Directions >> Give back the entries that follow exactly as written. Any picture gets left out.

Data for analysis >>
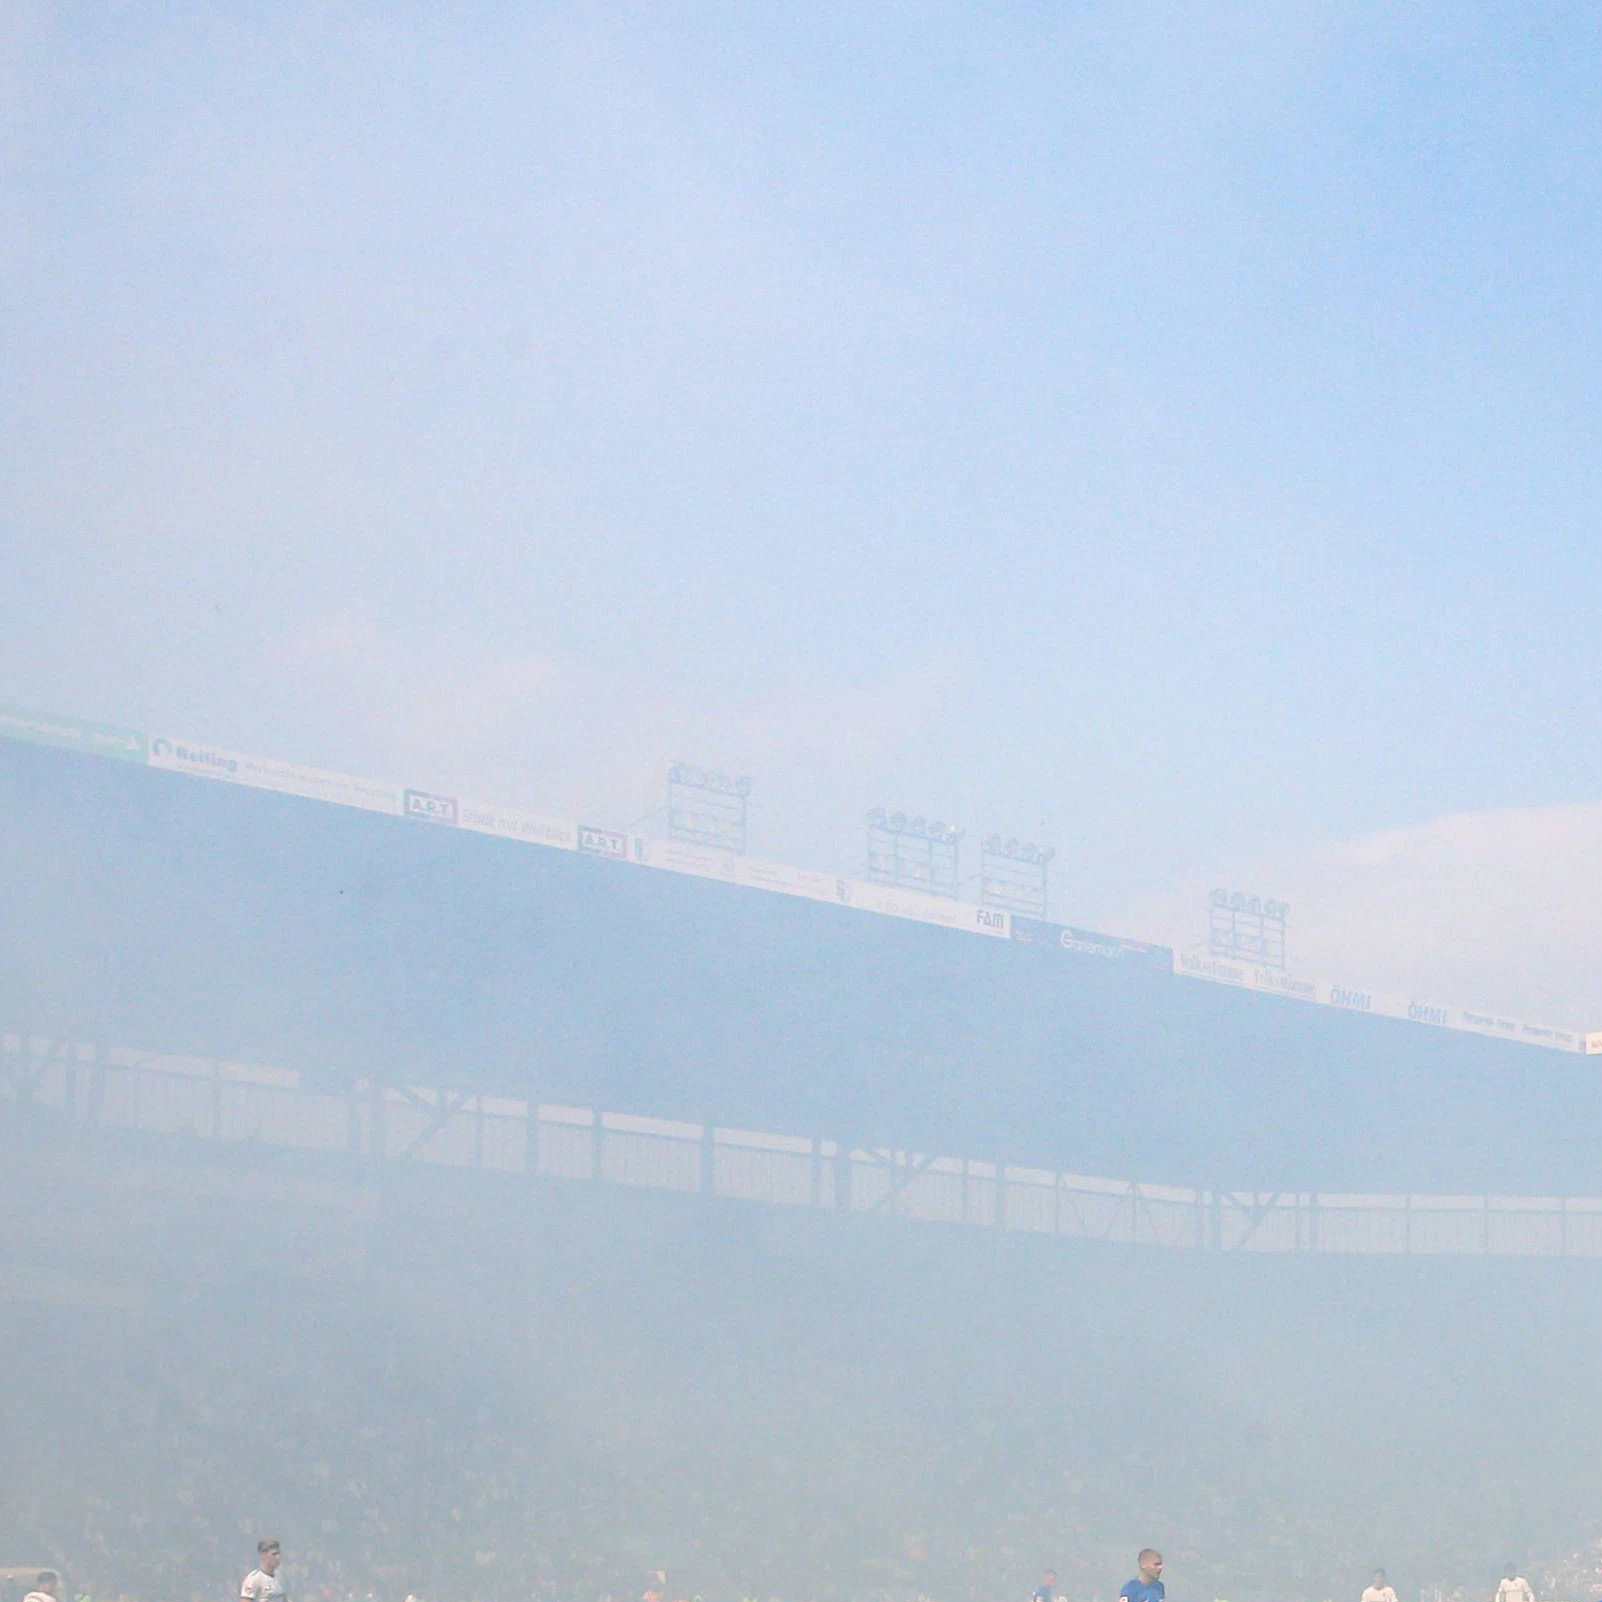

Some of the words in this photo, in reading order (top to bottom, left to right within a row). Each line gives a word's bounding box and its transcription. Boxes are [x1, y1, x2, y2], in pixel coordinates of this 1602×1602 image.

[176, 745, 239, 774] Reiling
[976, 909, 1005, 929] FAM
[1329, 984, 1372, 1010] ÖHMI
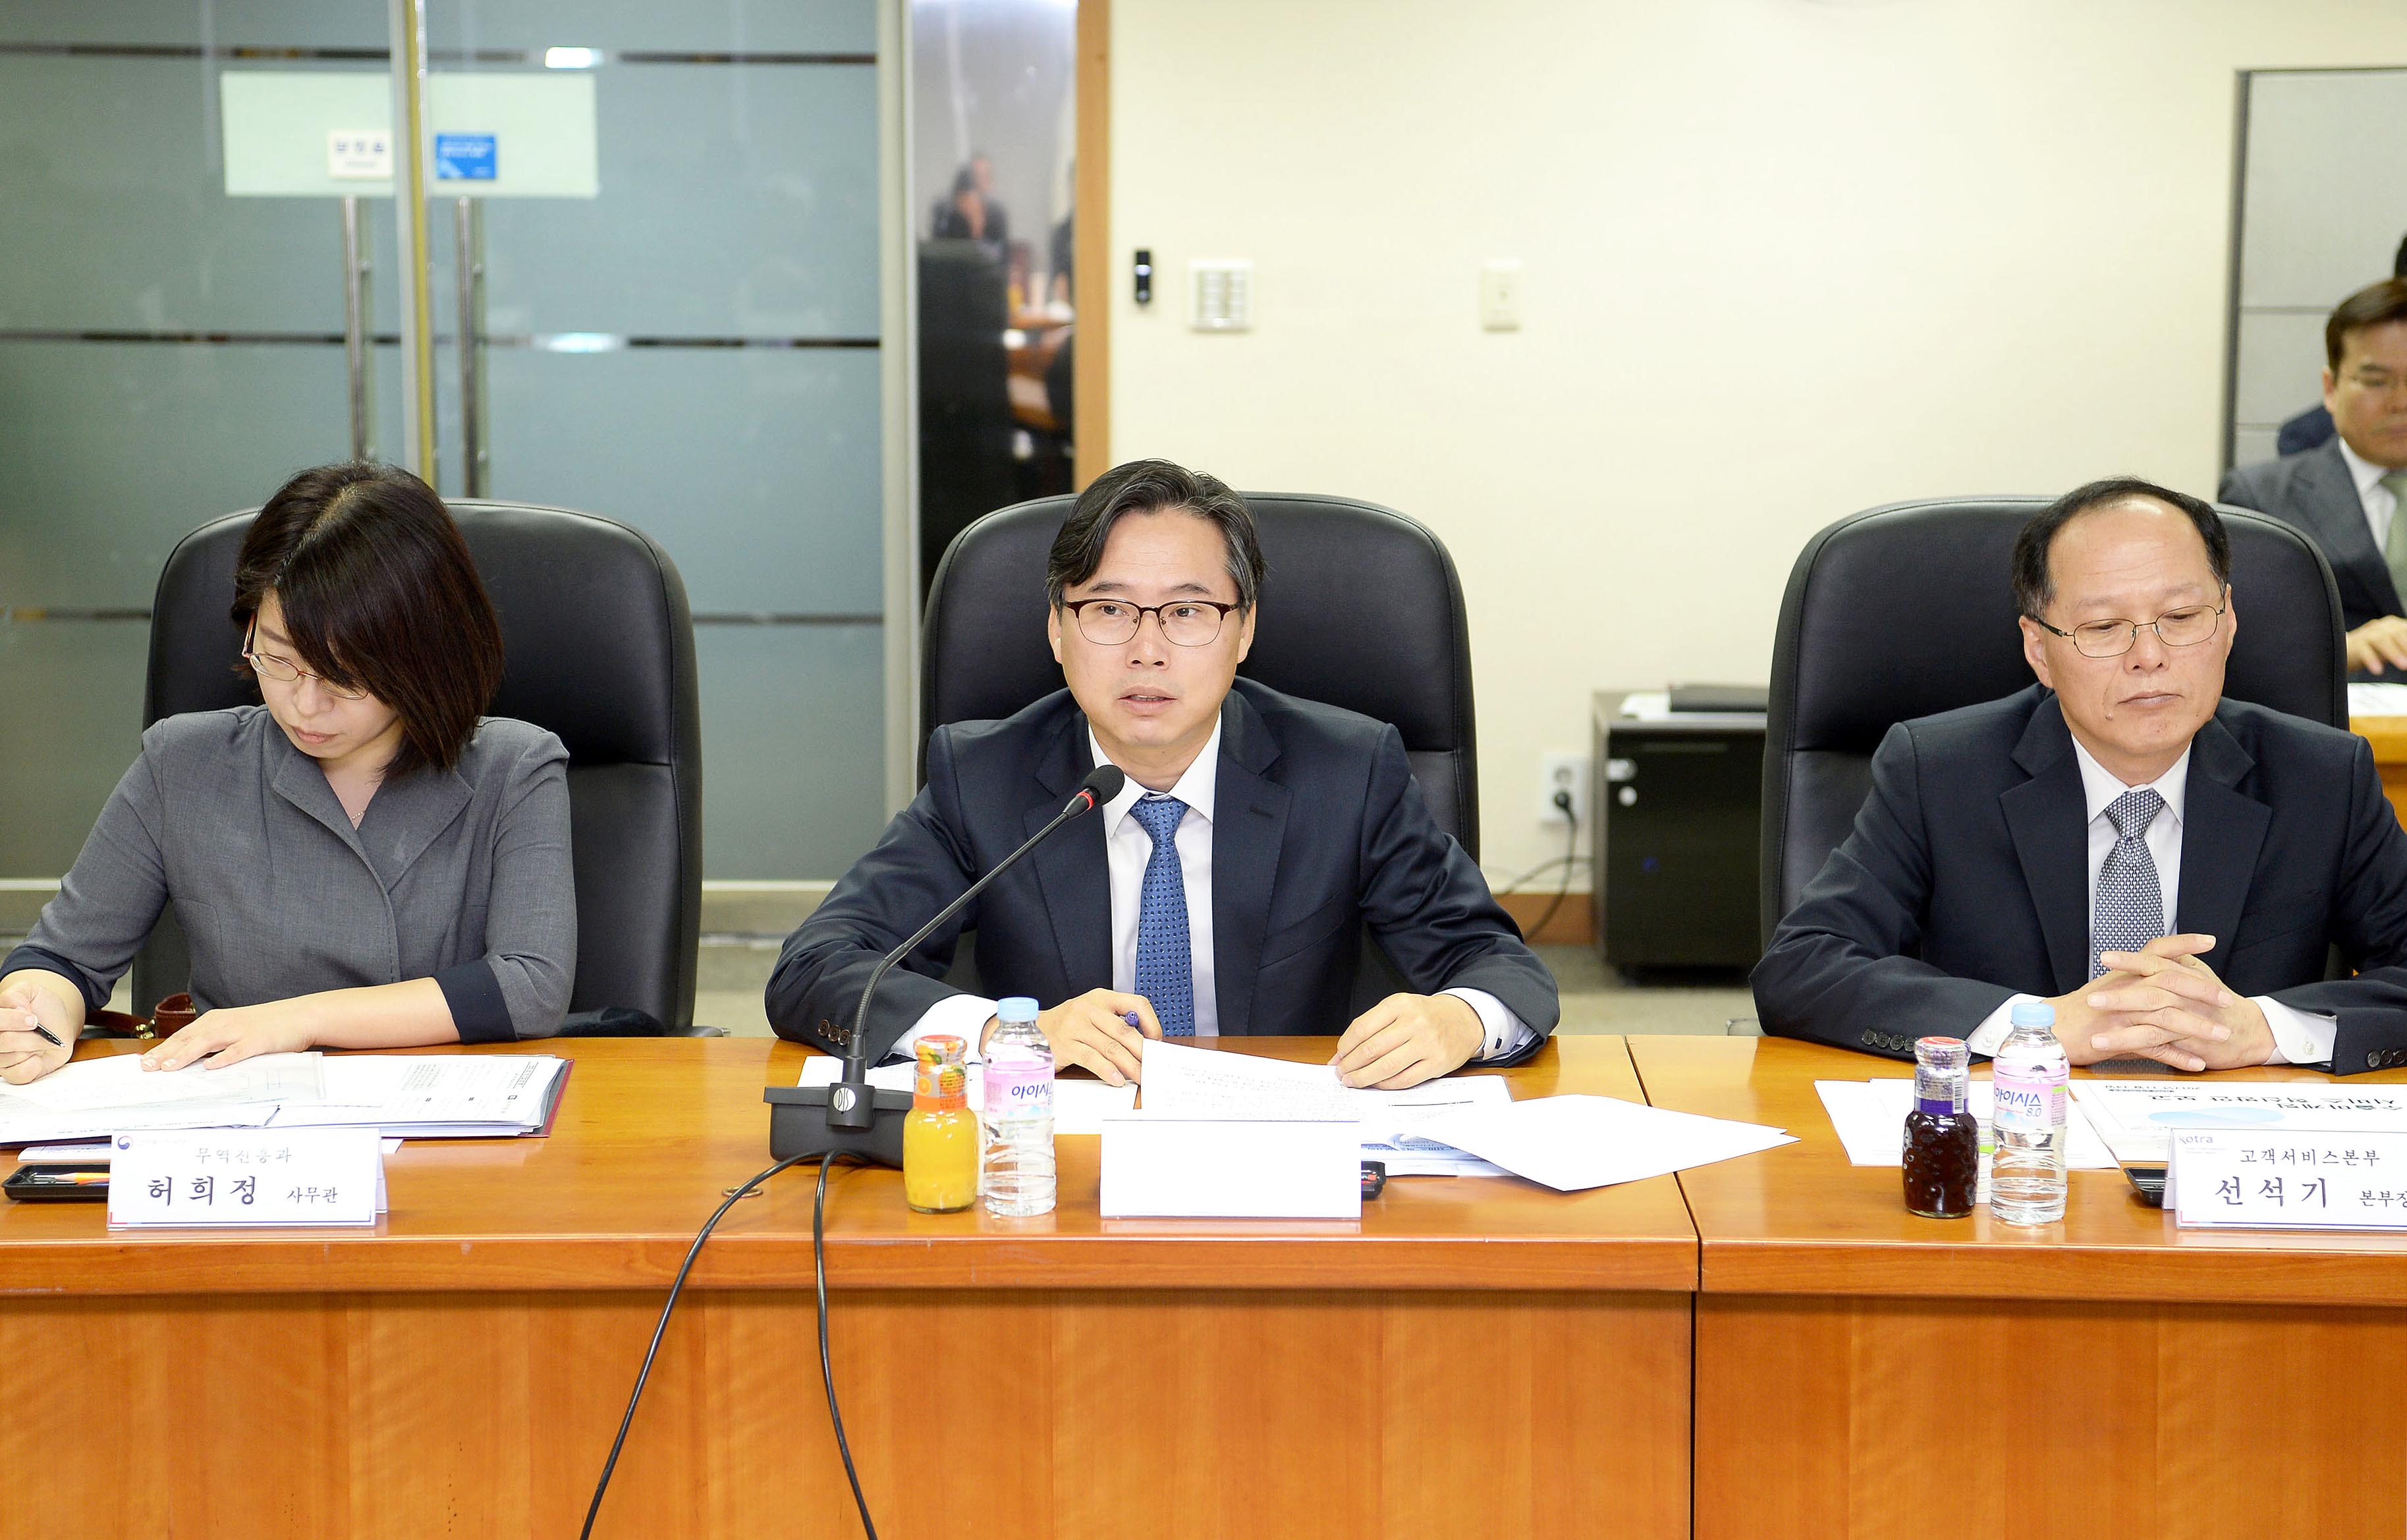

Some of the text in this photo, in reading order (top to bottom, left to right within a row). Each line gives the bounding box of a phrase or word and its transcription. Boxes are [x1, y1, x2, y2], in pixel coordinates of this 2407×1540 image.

The answer >>
Some of the words in this photo, in reading order (top to bottom, left to right within a row). Each line gives a word's bounding box and its transcription. Boxes are [x1, y1, x2, y2], in pixel coordinates of this 1602×1602 image.

[176, 745, 239, 774] Reiling
[976, 909, 1005, 929] FAM
[1329, 984, 1372, 1010] ÖHMI

Some of the text in this photo, in reading order (top to bottom, left to right within a row). Each line gives the bounding box of a phrase or word and its transcription. Boxes are [x1, y1, x2, y2], in pixel coordinates of this 2407×1540 image.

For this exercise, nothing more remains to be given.